Faut-il ghoster les personnes toxiques pour se protéger efficacement ?

 Faut-il ghoster les personnes toxiques pour se protéger efficacement ?

On a tous croisé un jour quelqu’un qui nous vide plus qu’il ne nous nourrit. Une relation qui épuise, qui met mal à l’aise, qui grignote l’énergie sans jamais rien rendre de sain en échange. Et face à ça, une tentation moderne s’impose : disparaître. Ne plus répondre. Couper net. Ghoster. Mais est-ce une fuite lâche ou un acte de survie lucide ?

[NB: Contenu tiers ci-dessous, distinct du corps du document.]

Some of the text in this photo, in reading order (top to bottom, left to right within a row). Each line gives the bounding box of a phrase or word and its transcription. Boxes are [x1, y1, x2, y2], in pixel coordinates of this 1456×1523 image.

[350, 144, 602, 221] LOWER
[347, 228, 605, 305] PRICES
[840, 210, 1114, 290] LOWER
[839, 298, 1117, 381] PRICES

Le fantasme d’une sortie propre, élégante, rationnelle – “je vais lui expliquer calmement pourquoi je prends mes distances” – se fracasse souvent sur la réalité. Les personnes vraiment toxiques n’entendent pas. Ou elles retournent la situation. Elles manipulent, culpabilisent, insistent, reviennent par la fenêtre quand tu fermes la porte. Dans ces cas-là, ghoster n’est pas un caprice, c’est une stratégie. C’est refuser de jouer à un jeu truqué.

Il faut être clair : ghoster quelqu’un de sain, c’est brutal, immature, parfois cruel. Mais ghoster quelqu’un de nocif, c’est autre chose. C’est poser une limite radicale quand toutes les autres ont échoué. C’est dire sans mots : “je me choisis”. Et ça demande du courage, contrairement à ce qu’on croit. Parce que ça laisse un goût d’inachevé, ça génère du doute, parfois même de la culpabilité.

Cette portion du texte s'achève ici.